This coming Tuesday, ICTP will host physicist Wojciech Zurek for a Colloquium entitled "Decoherence and the Quantum Theory of the Classical." Professor Zurek works at Los Alamos National Laboratory (LANL), New Mexico, USA, and will be addressing the ICTP community in Trieste and worldwide via livestream on Tuesday 16 May at 16:30.
Zurek will be speaking on the transition from quantum to classical physics. He is a leading expert on quantum theory, particularly decoherence and non-equilibrium dynamics of symmetry breaking with the resulting defect generation, which is known as the Kibble-Zurek mechanism. His overall talk will focus on how recent advances have helped clarify how the classical world is based on the quantum.
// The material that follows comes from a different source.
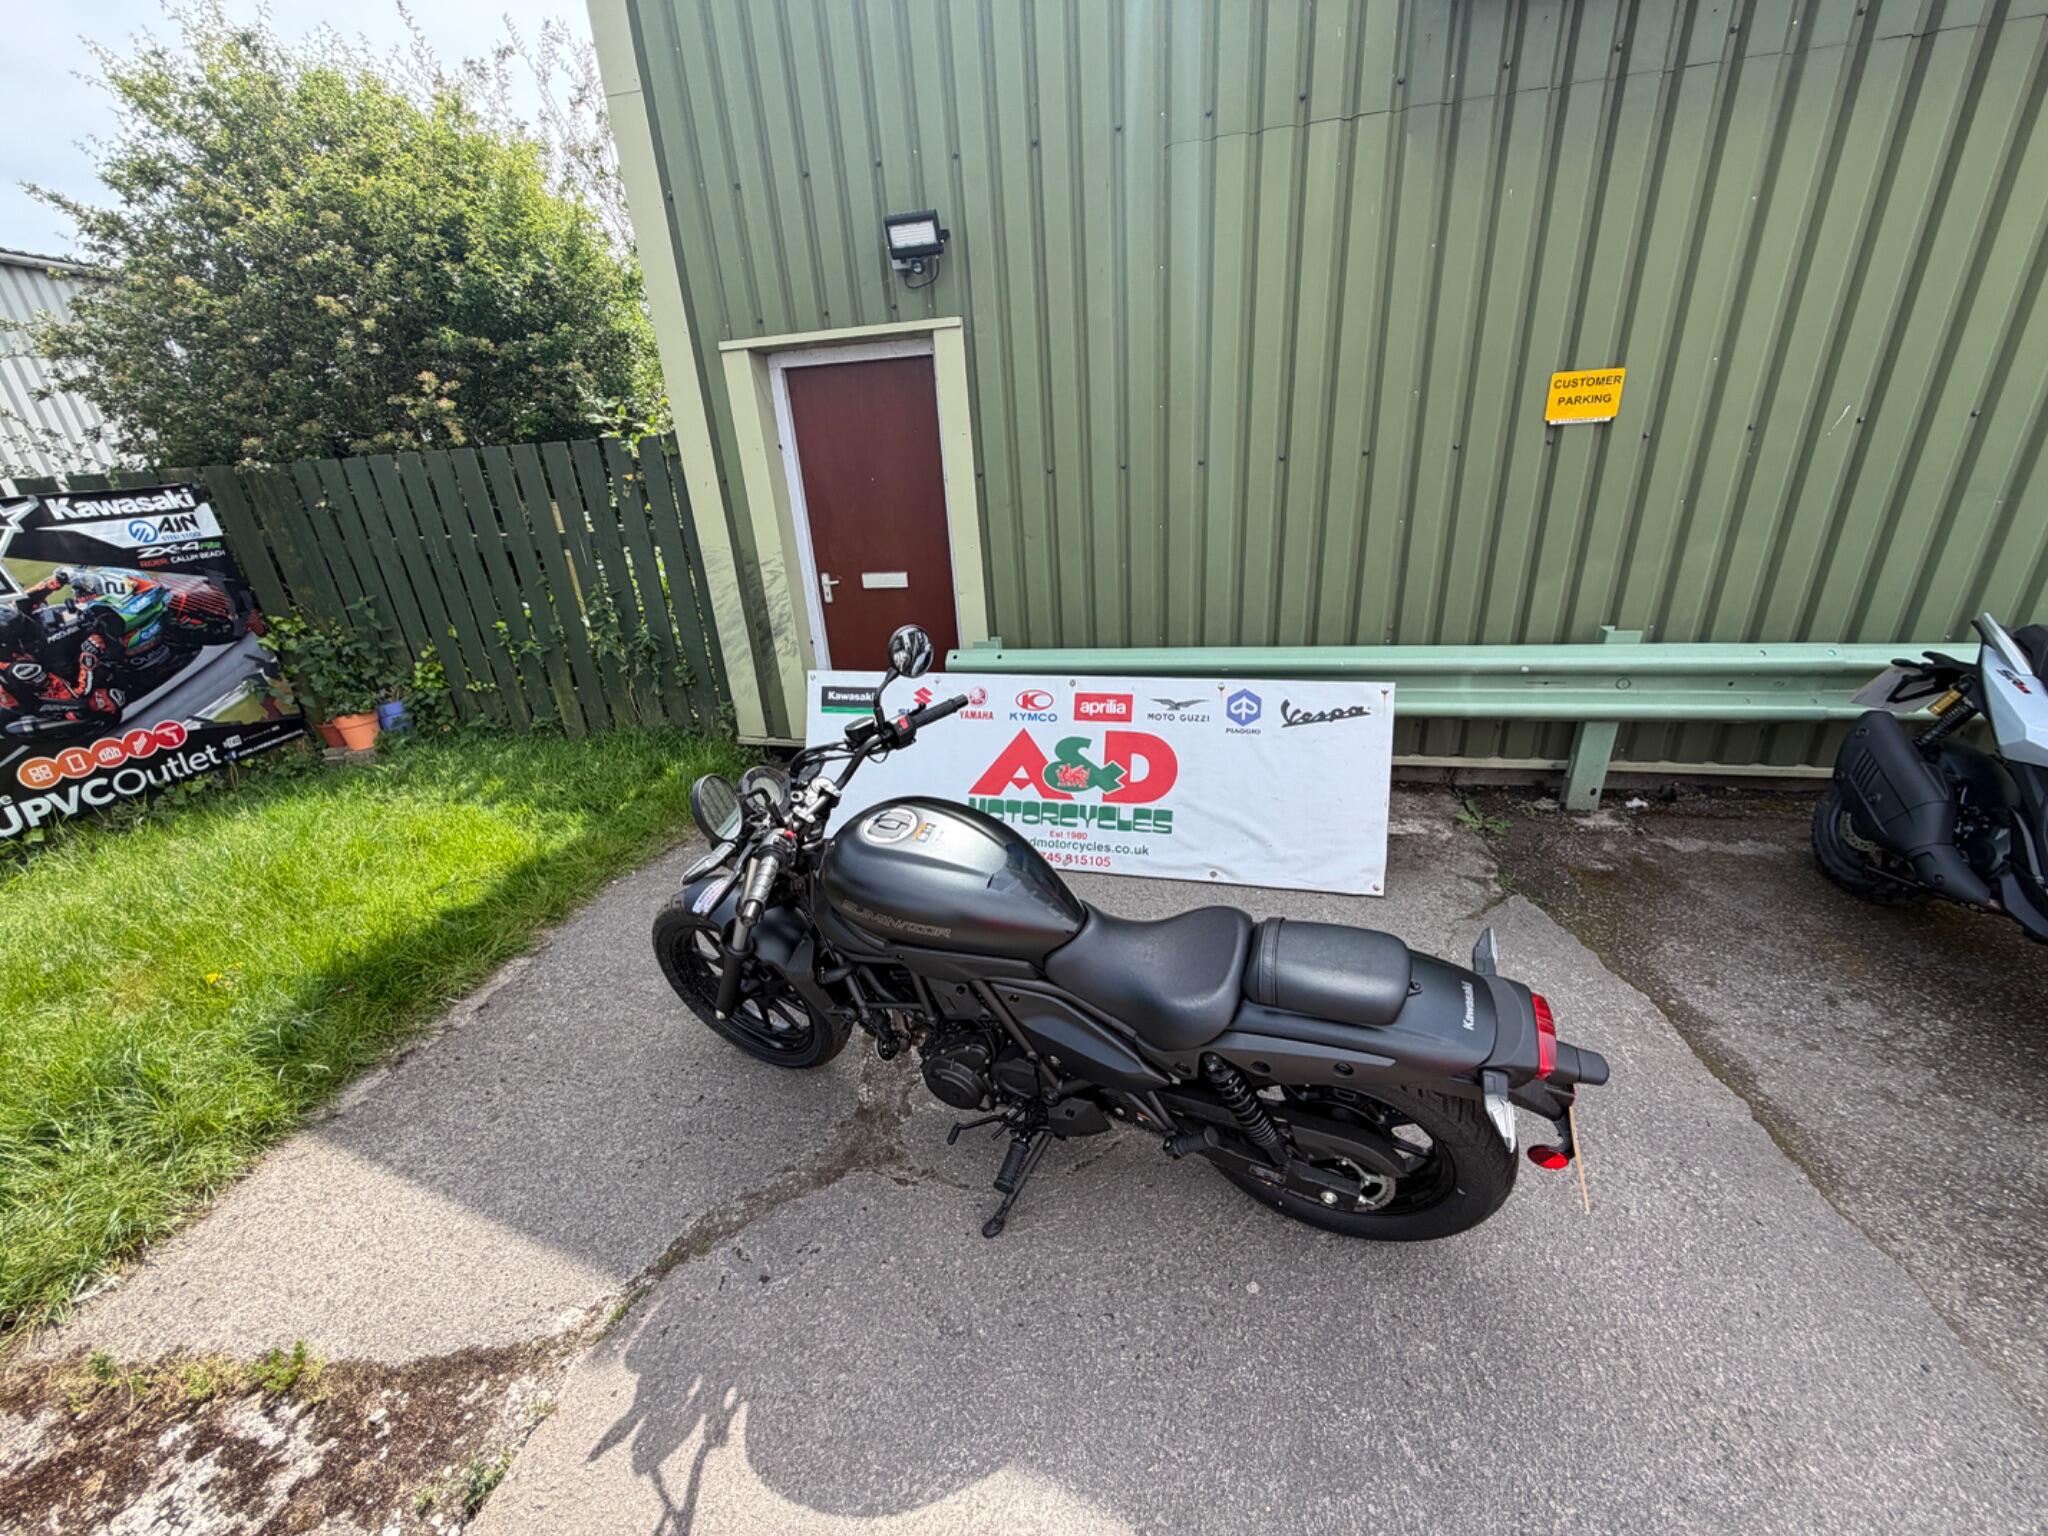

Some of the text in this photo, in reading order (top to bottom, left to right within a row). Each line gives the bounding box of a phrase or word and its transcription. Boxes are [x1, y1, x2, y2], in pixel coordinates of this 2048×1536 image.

The lecture will be held in Budinich Lecture Hall, with light refreshments to be served afterwards. The abstract of the talk follows:
Zurek will describe three insights into the transition from quantum to classical. After a brief discussion of decoherence, he will give (i) a minimalist (and decoherence-free) derivation of preferred states. Such pointer states define events (e.g., measurement outcomes) without appealing to Born's rule. Probabilities and (ii) Born’s rule can be then derived from the symmetries of entangled quantum states. With probabilities at hand one can analyze information flows from the system to the environment in course of decoherence. They explain how (iii) robust classical reality arises from the quantum substrate by accounting for all the symptoms of objective existence of preferred pointer states of quantum systems through the redundancy of their records in the environment. Taken together, and in the right order, these three advances (i)-(iii) elucidate quantum origins of the classical.